Every line of the material is to be transcribed verbatim, with images omitted.

Listed entries:
□ □ □ □ □ □ □
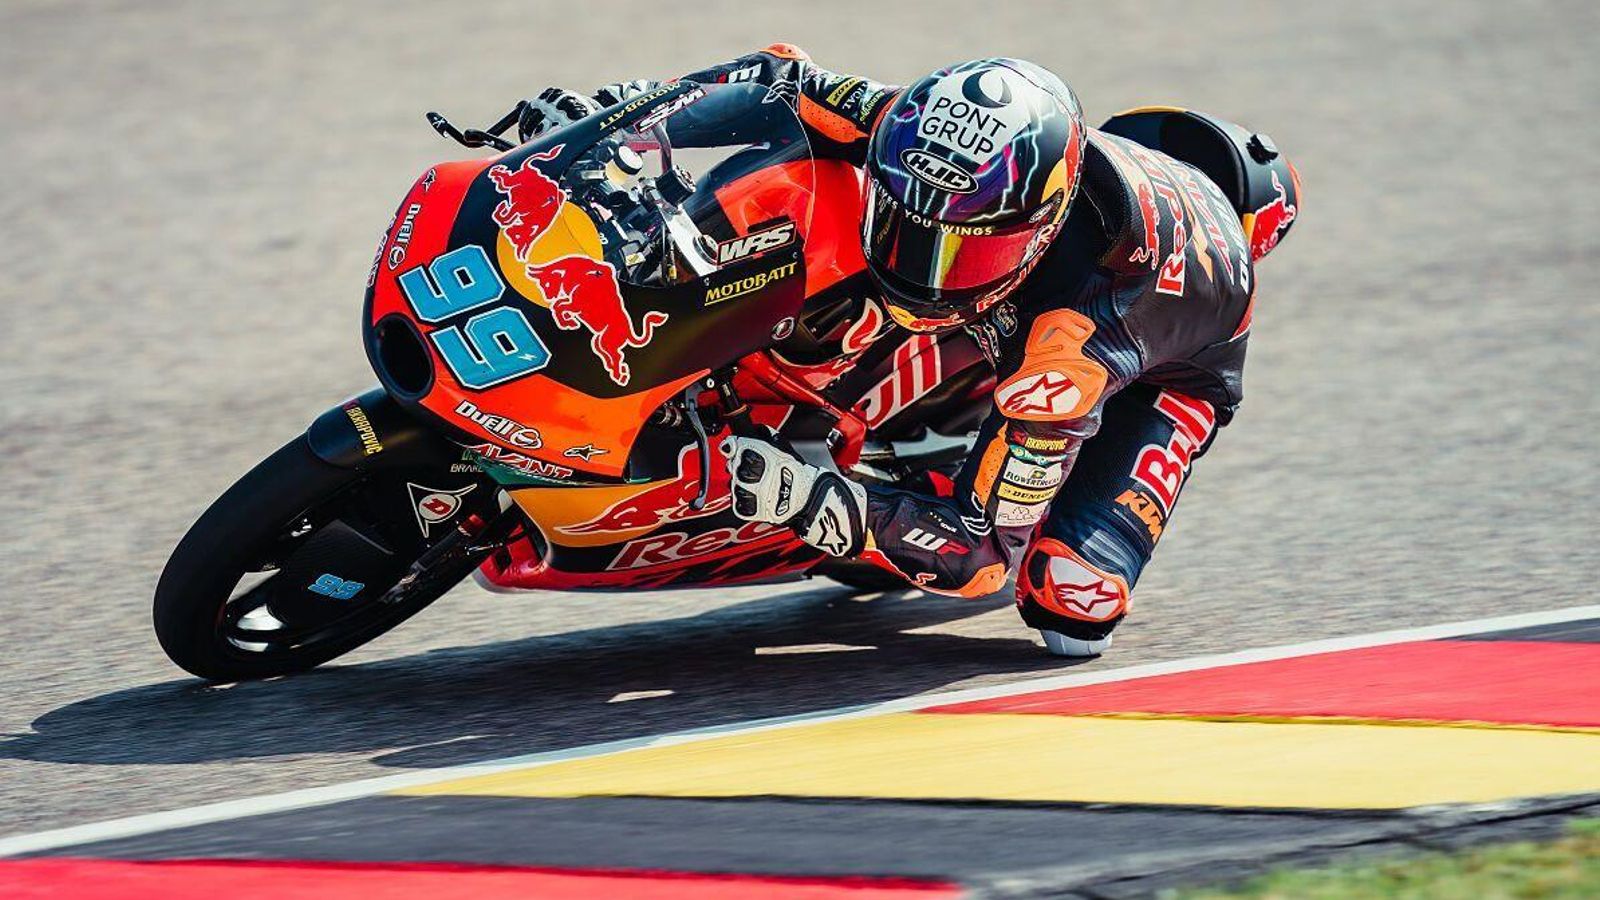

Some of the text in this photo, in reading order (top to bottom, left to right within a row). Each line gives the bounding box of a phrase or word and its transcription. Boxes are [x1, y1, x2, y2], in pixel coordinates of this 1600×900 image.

[922, 116, 994, 157] GRUP
[932, 97, 1006, 141] PONT
[907, 153, 970, 187] HJC
[904, 208, 932, 228] YOU
[940, 223, 993, 236] WINGS
[720, 226, 794, 263] WRS
[704, 262, 797, 302] MOTOBATT
[398, 243, 553, 391] 99
[1130, 387, 1215, 518] Bull
[1114, 489, 1165, 546] KTM
□ □ □ □ □ □ □
Written response:
Some of the text in this photo, in reading order (top to bottom, left to right within a row). Each line gives the bounding box of a phrase or word and its transcription. Boxes are [x1, y1, x2, y2], in pixel coordinates of this 1600×900 image.

[922, 116, 994, 157] GRUP
[932, 97, 1006, 141] PONT
[907, 153, 970, 187] HJC
[904, 208, 932, 228] YOU
[940, 223, 993, 236] WINGS
[720, 226, 794, 263] WRS
[704, 262, 797, 302] MOTOBATT
[398, 243, 553, 391] 99
[1130, 387, 1215, 518] Bull
[1114, 489, 1165, 546] KTM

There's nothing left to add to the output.